A train carrying the remains of victims of the Malaysian airliner which crashed in Ukraine has arrived in the city of Kharkiv, outside rebel territory.
The transfer of bodies from flight MH17 follows international pressure on pro-Russia rebels, amid accusations that the aircraft was shot down.
Meanwhile international monitors say parts of the wreckage have been changed since they first saw it.
The Boeing 777 crashed last Thursday, killing all 298 people on board.
The Malaysia Airlines flight came down in rebel-held territory near the eastern village of Grabove.
Most of those who died were Dutch and the remains will be flown from a co-ordination centre in Kharkiv to the Netherlands for identification and forensic identification.
Five refrigerated freight wagons carrying remains and a passenger carriage marked "Donbass-Moscow" arrived at Kharkiv-Balashovsky train station and are due to be taken to the Malyshev tank factory, Interfax-Ukraine news agency reports.
There, the bodies will be loaded into refrigeration units supplied by the Dutch, the agency says.
The Ukrainian government has said it will do "its best" to send the remains to the Netherlands on Tuesday.
Countries directly affected by the disaster, such as the Netherlands, Australia, and the UK, have been concerned that the crash site was not properly sealed off with the risk that valuable evidence could go missing.
A spokesman for the OSCE monitors at the site, Michael Bociurkiw, told the BBC that major pieces of the plane had been cut into and that large parts now looked different from before.
Western nations say there is growing evidence that flight MH17 was hit by a Russian-supplied missile fired by rebels, but Russia has suggested Ukrainian government forces are to blame.
Clues Late on Monday, the rebels, including the self-styled Prime Minister of the Donetsk People's Republic Alexander Borodai, handed over the "black box" flight recorders to Malaysian officials at a ceremony in Donetsk.
Investigators hope the devices, described as being in good condition, will provide vital clues about what happened to the plane.
The handover of the "black boxes" and the transfer of remains followed talks between Mr Borodai and the Malaysian Prime Minister Najib Razak.
Sanctions European Union foreign ministers are meeting to consider further sanctions against Russia over its alleged backing for the rebels - something Moscow denies.
The meeting in Brussels is thought likely to discuss expanding the list of Russian officials targeted by sanctions, but the EU has so far steered clear of targeting whole sectors of the Russian economy.
Both the EU and the US imposed sanctions on Russia following its annexation of Crimea and the outbreak of hostilities in eastern Ukraine.
In a further sign of international concern, the United Nations Security Council called on Monday for a "full, thorough and independent international investigation" into the downing of the plane .

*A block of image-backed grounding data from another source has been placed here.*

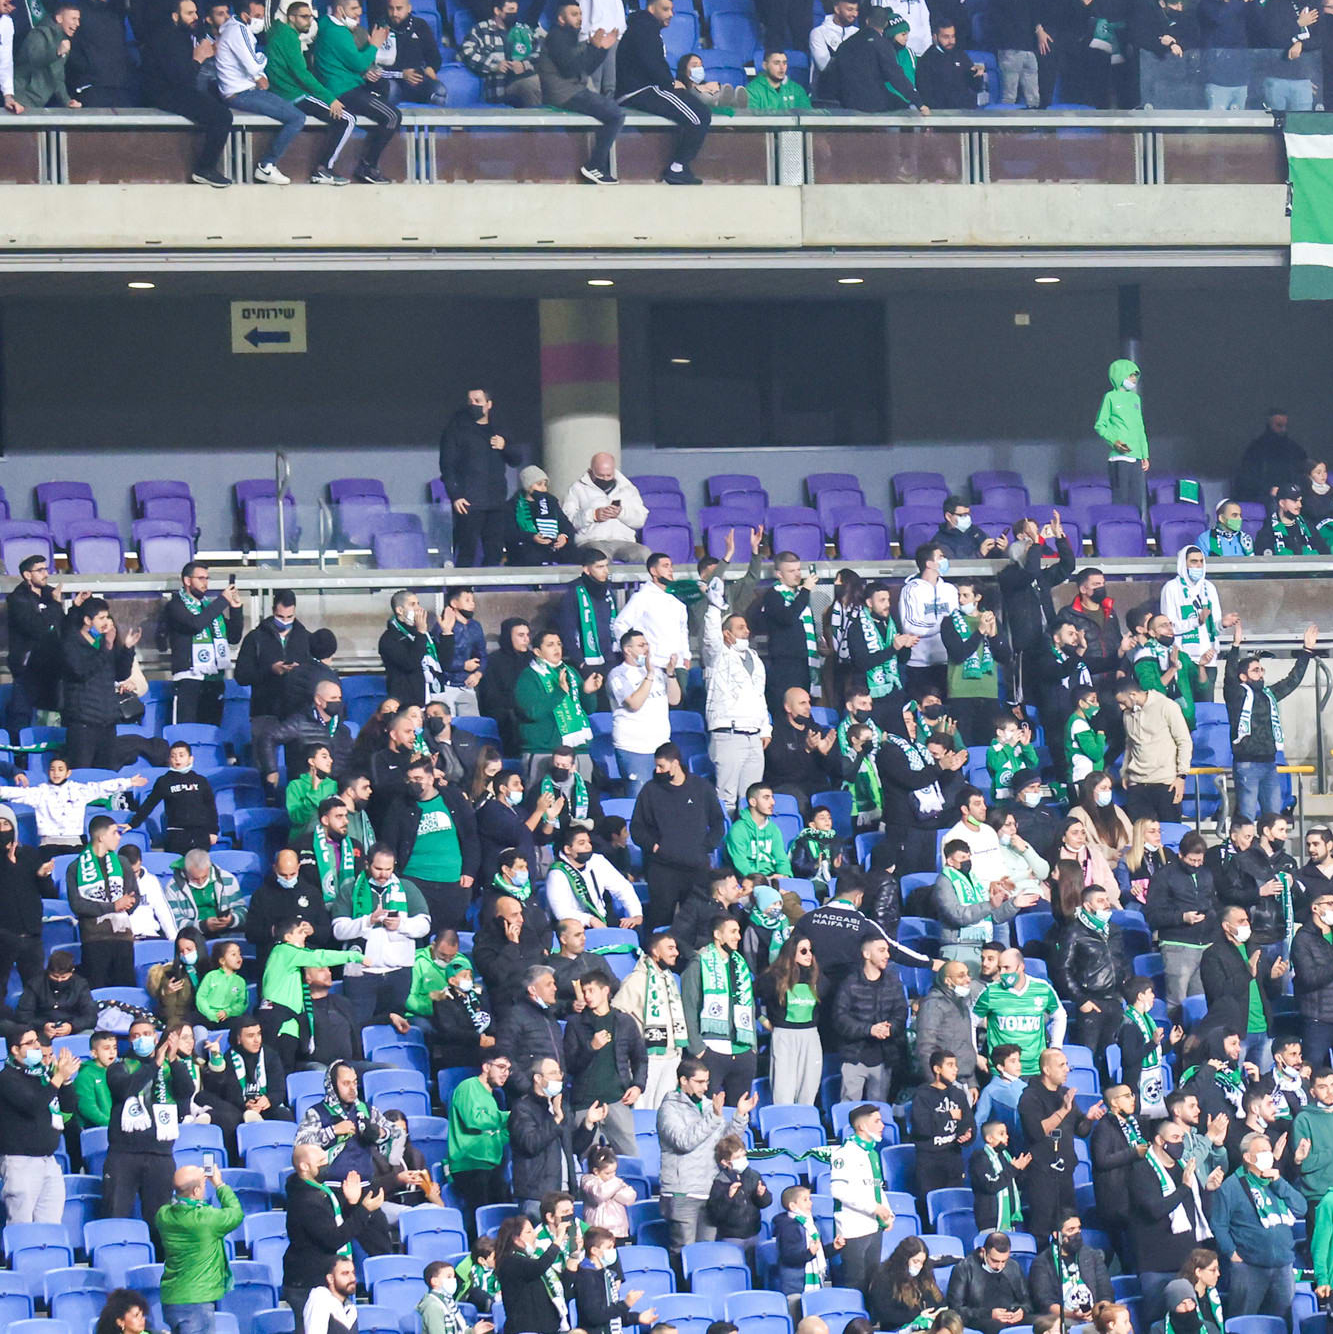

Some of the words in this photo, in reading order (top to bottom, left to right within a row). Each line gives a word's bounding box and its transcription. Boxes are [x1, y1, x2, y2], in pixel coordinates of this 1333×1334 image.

[241, 307, 295, 319] שירותים
[170, 783, 199, 793] REPLAY
[812, 919, 843, 928] HAIFA
[846, 923, 859, 931] FC
[813, 913, 860, 925] MACCABI
[996, 1015, 1042, 1032] VOLVO
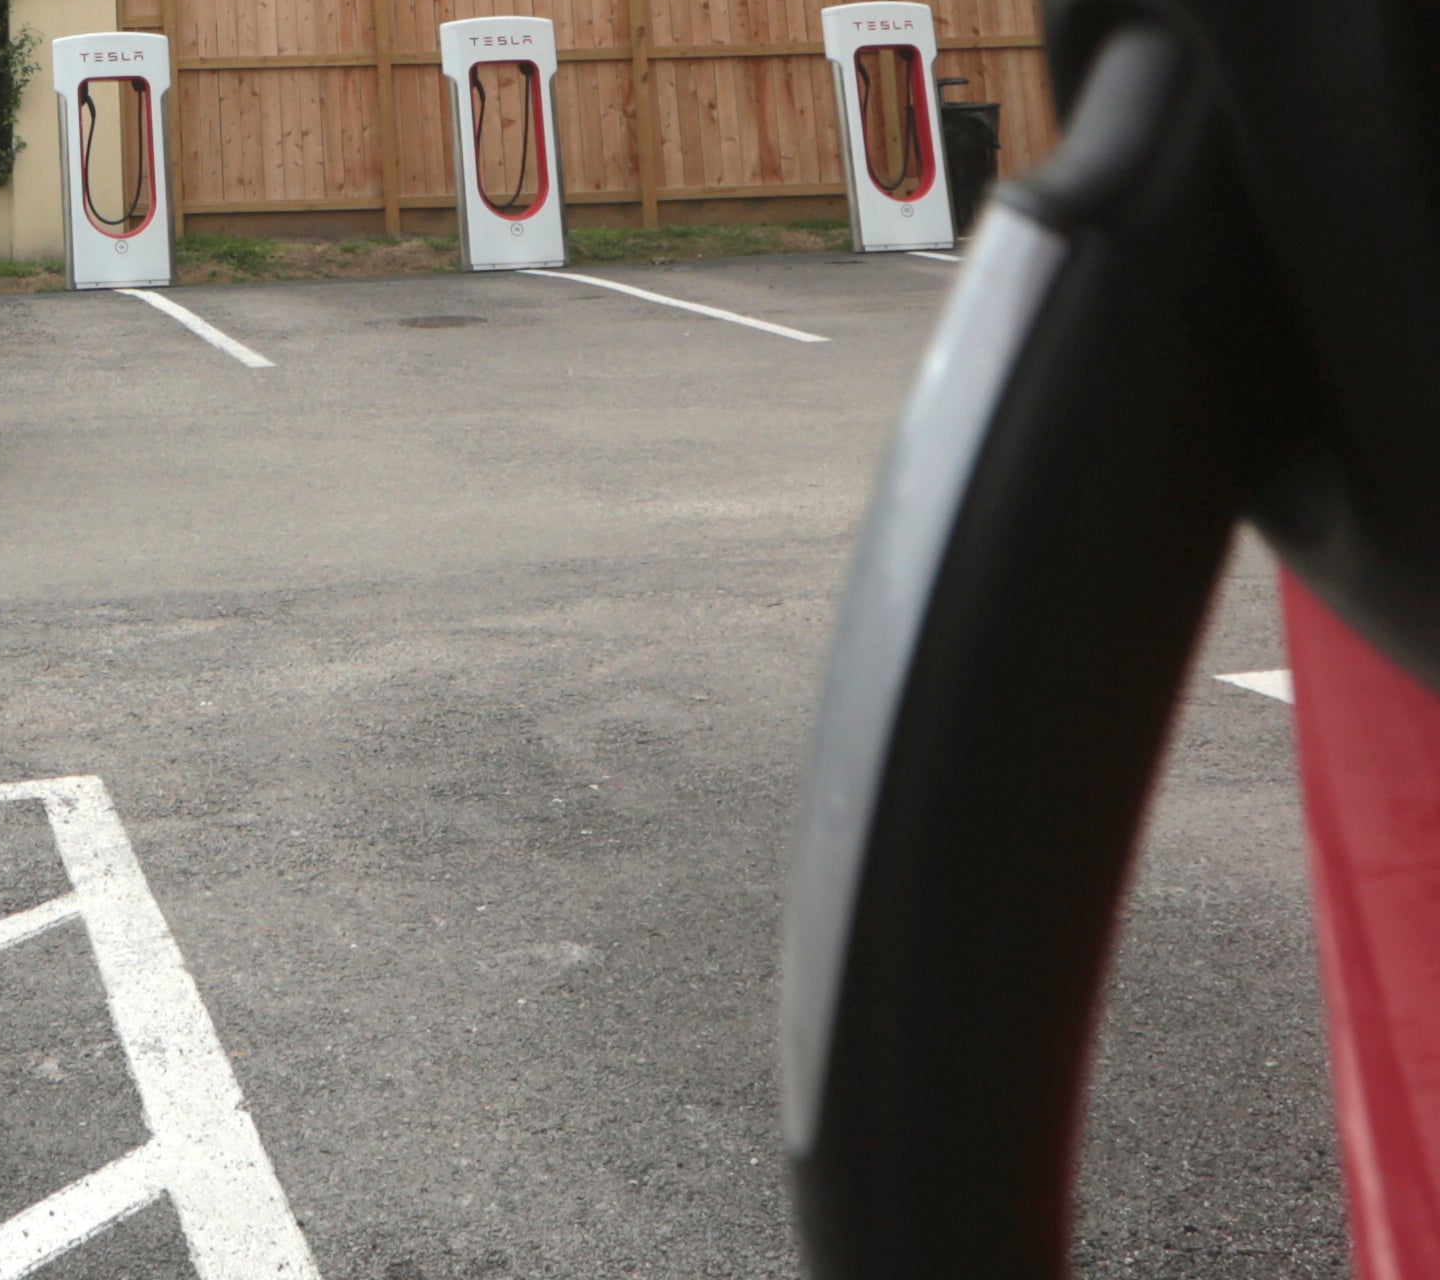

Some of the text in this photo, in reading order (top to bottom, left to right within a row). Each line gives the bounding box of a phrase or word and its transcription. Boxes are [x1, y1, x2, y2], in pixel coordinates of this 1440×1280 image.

[852, 20, 914, 31] TESLA
[468, 35, 533, 47] TESLA
[79, 51, 145, 63] TESLA

The resolution, proposed by Australia, also demanded that those responsible "be held to account and that all states co-operate fully with efforts to establish accountability".

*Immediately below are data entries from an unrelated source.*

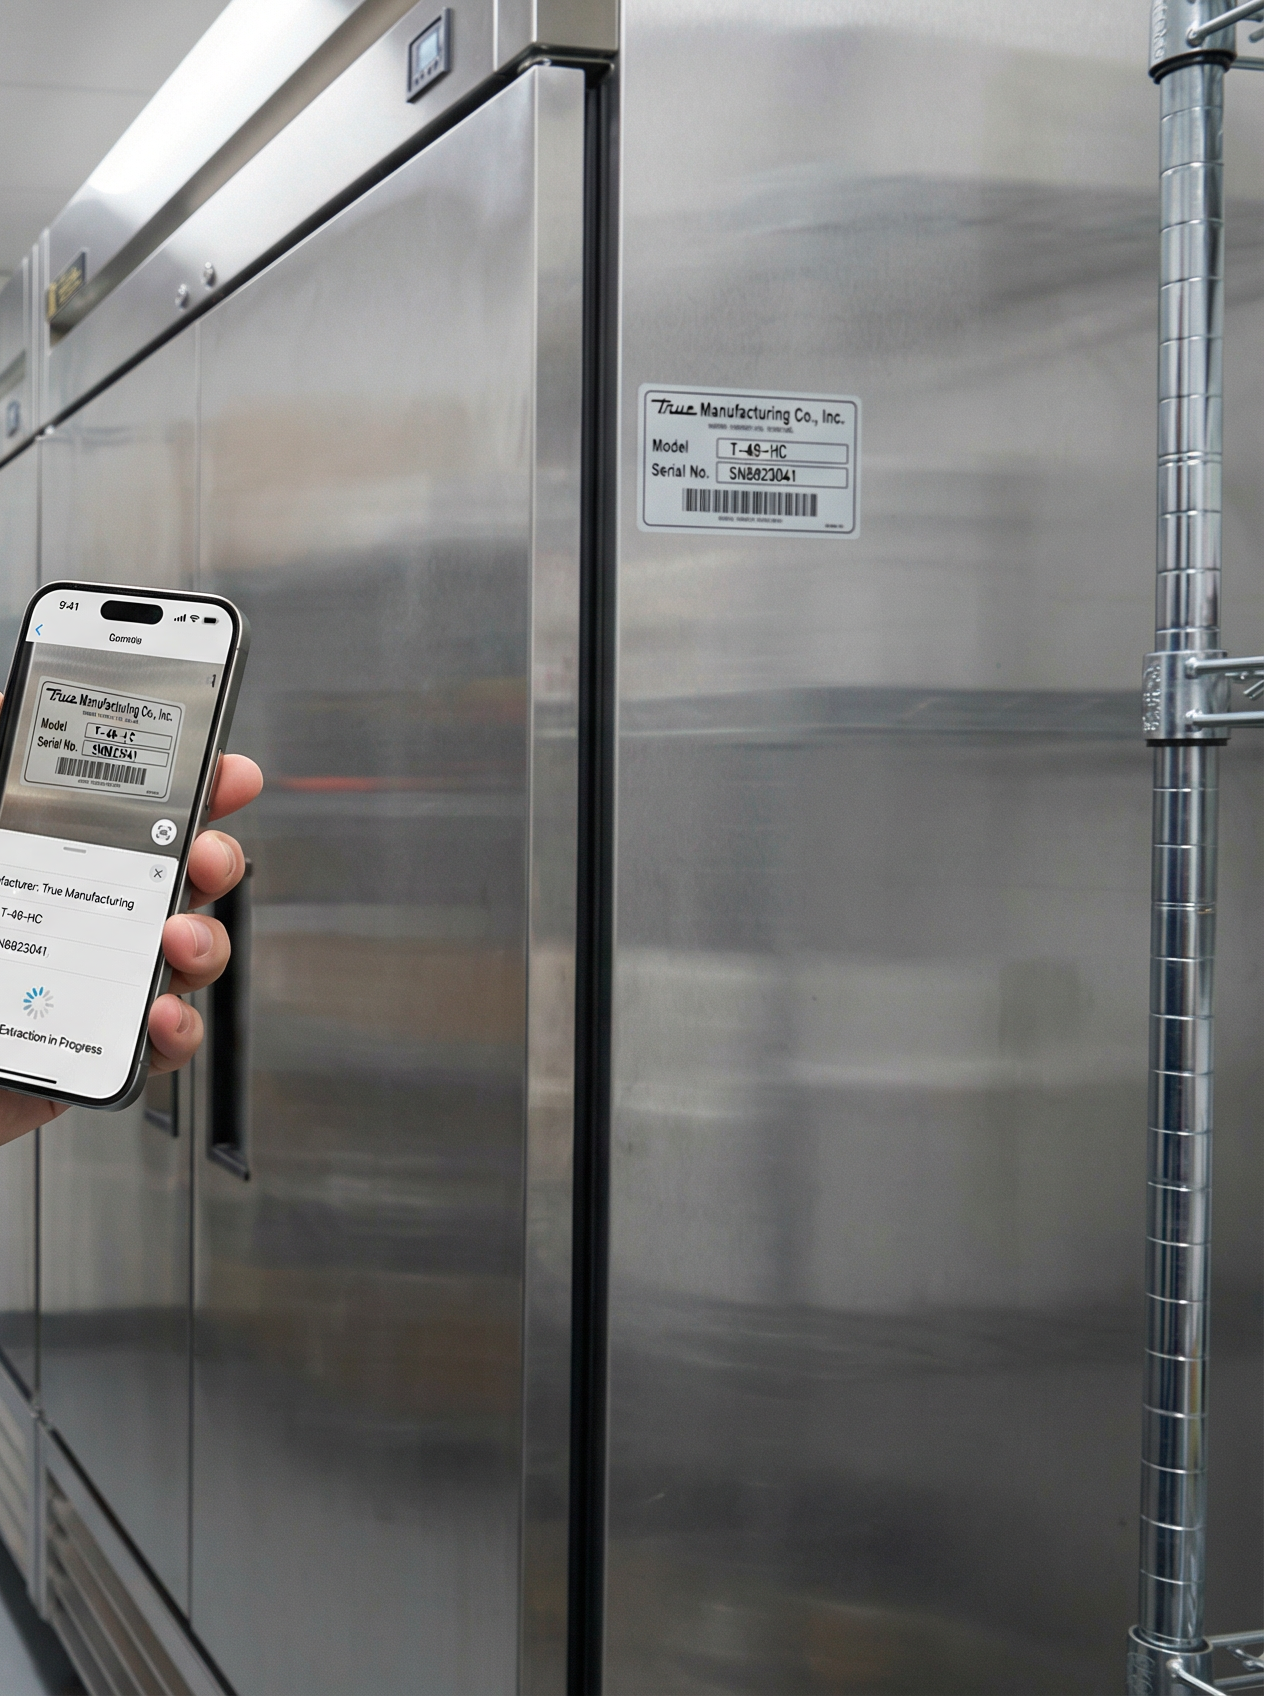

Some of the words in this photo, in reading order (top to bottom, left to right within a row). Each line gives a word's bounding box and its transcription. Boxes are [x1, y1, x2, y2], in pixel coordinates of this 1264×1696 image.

[651, 398, 697, 415] True
[700, 402, 791, 426] Manufacturing
[822, 409, 846, 425] Inc.
[652, 438, 689, 454] Model
[651, 462, 686, 478] Serial
[689, 464, 710, 479] No.
[40, 717, 68, 732] Model
[37, 735, 63, 749] Serial
[42, 882, 63, 896] True
[64, 887, 135, 911] Manufacturing
[48, 1034, 58, 1046] in
[58, 1036, 103, 1055] Progress

The conflict between Ukrainian government forces and rebels has continued, with clashes on Monday in Donetsk.
In the latest move, Ukraine's parliament has approved the call-up of more military reserves and men under 50, Reuters reports.
After the vote, scuffles were reported between nationalist politicians and members of the party that was led by the former President, Viktor Yanukovych, who was overthrown in February.
Thirteen Ukrainian soldiers have been killed over the past 24 hours, a Ukrainian security official said. Three of them died as an explosives-packed bus blew up at a roadblock.
The fighting in eastern Ukraine erupted in April and is believed to have claimed more than 1,000 lives.